What a hullaballoo was kicked up for the recent blood moon. You’d think that a total eclipse occurring when the moon passes closest to Earth only happens, say … once every generation. Oh snap! Barely once in a generation.
I’ve been thinking back to the last time I saw such a moon: it was on the deck of my small double-ender boat in Queensway Bay, Long Beach, California. That little motor-sailer, with it’s oak frames and cedar planks was converted from a decommissioned Navy lifeboat into a 30 foot day sailer. I bought it in decrepit condition as it was rotting and sinking in Naples Marina, and had it hauled out onto the dry-dock at Seal Beach Harbor; but that’s a different story! I remember standing on the deck, bobbing in the darkness as the water gently sloshed the hull, and how the mooring lines occasionally twanged when the boat rocked a certain way. It was a mostly clear night. The lights of Los Angeles were far enough so that the huge blood red moon was fully visible overhead. Thin strands of cloud seemed to slither behind and above the grayed out, slightly sinister lunar disk. That vision of the ochre and crimson moon had me completely mesmerized. I was scarcely aware of the chilling breeze over the water, the chiming halyards of the sailboat masts, and of the hours passing. That eerie night, early in the Reagan years, is burned into my mind forever. Thirty-three years ago!
This time around, Sophia and I camped out on our dining room floor, with pillows and beach blankets. I swung open the plastic thermal-pane windows, which have a hinge that lets them tilt freely out of the their frame. This gave us a clear line of sight, unobstructed by glass panes, trees, or clouds, so that we could look directly up at the mighty and mysterious glowing orb. It was just as strange as the first time I’d seen a blood moon, and we couldn’t resist letting out a few wolf howls now and then. Another blood moon, another howling.

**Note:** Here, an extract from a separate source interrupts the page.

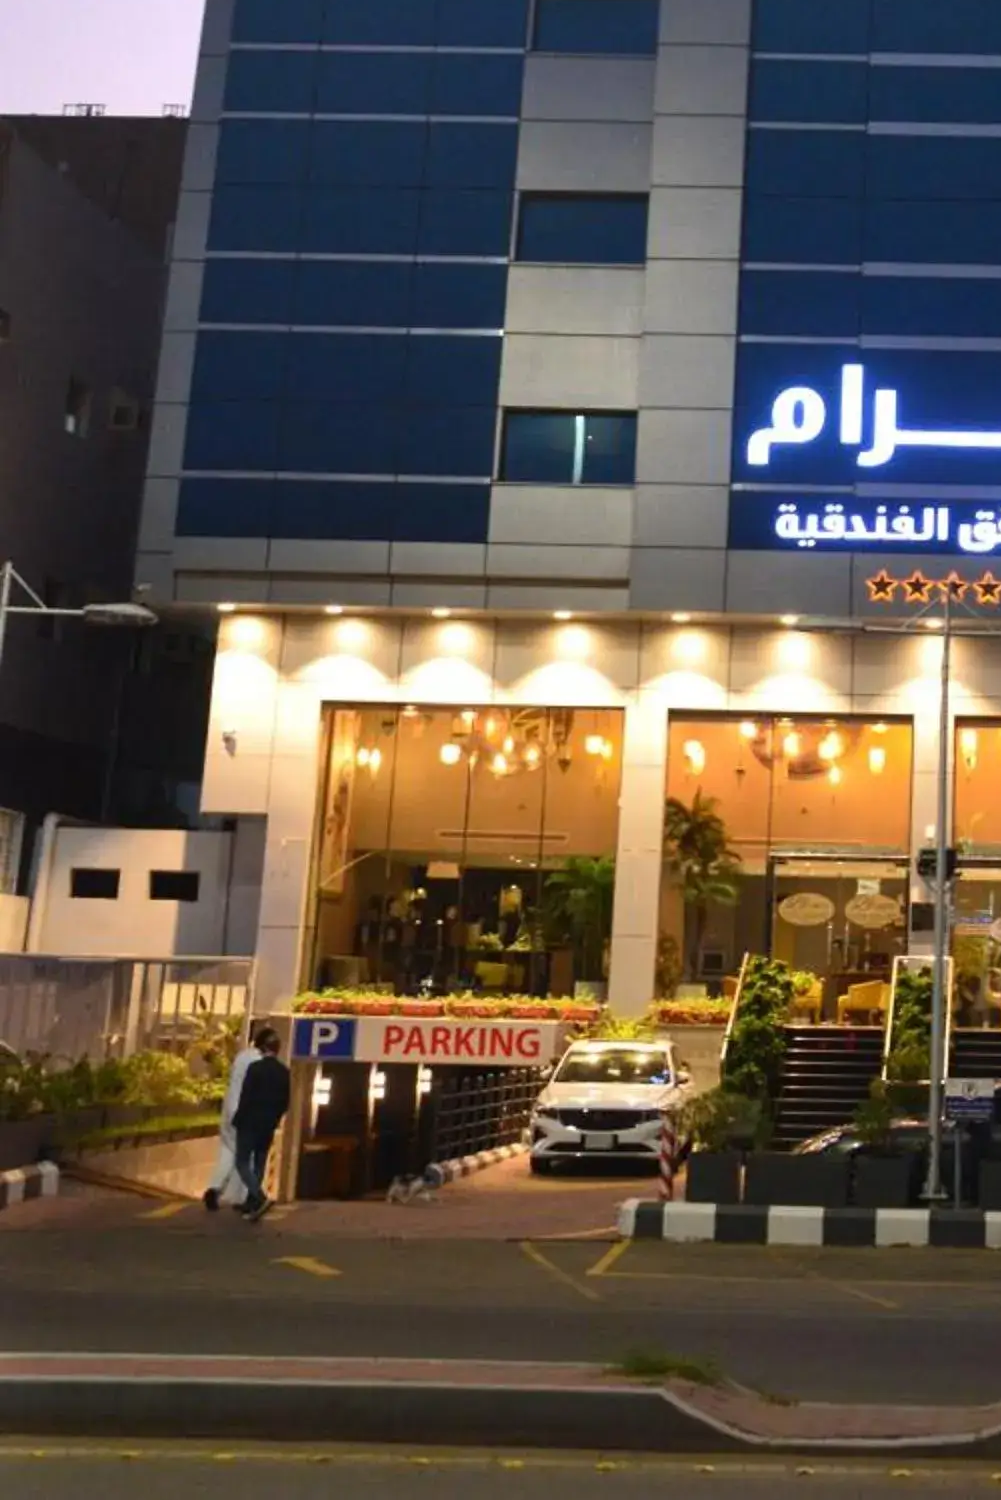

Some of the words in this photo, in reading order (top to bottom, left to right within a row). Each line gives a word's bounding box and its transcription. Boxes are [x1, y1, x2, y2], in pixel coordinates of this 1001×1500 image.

Another boost for the eternal popularity of werewolves. Jeez, even Ubuntu has turned into a Wily Werewolf all of a sudden. “What’s a good werewolf yarn?” I thought, rummaging through my overflowing stacks of SF novels. I loved Lycanthia by Tanith Lee, and enjoyed Tim Powers Anubis Gates, but I wanted something I hadn’t read before. Jack Williamson’s Darker Than You Think was the obvious choice, and I was delighted to discover that this is really the best book I’ve ever read from that stalwart SF author.

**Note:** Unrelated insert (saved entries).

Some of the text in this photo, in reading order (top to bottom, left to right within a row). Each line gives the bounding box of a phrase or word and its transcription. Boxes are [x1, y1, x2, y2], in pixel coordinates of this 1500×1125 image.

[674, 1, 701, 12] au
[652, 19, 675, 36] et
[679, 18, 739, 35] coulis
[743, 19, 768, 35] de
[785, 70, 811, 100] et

Williamson’s characters are always solid, his plots riveting, and his settings believable. What I didn’t expect was the graceful prose and transcendental consciousness of the shape-shifters in Darker Than You Think. Williamson takes his protagonist, a mediocre reporter named Will Barbee, from his self-pitying drunken existence, and runs him up and down the scales of doubt, suspicion, paranoia, fear and terror — and ultimately beyond his own psychic limitations, into a realm of predatory, savage ferocity, even madness!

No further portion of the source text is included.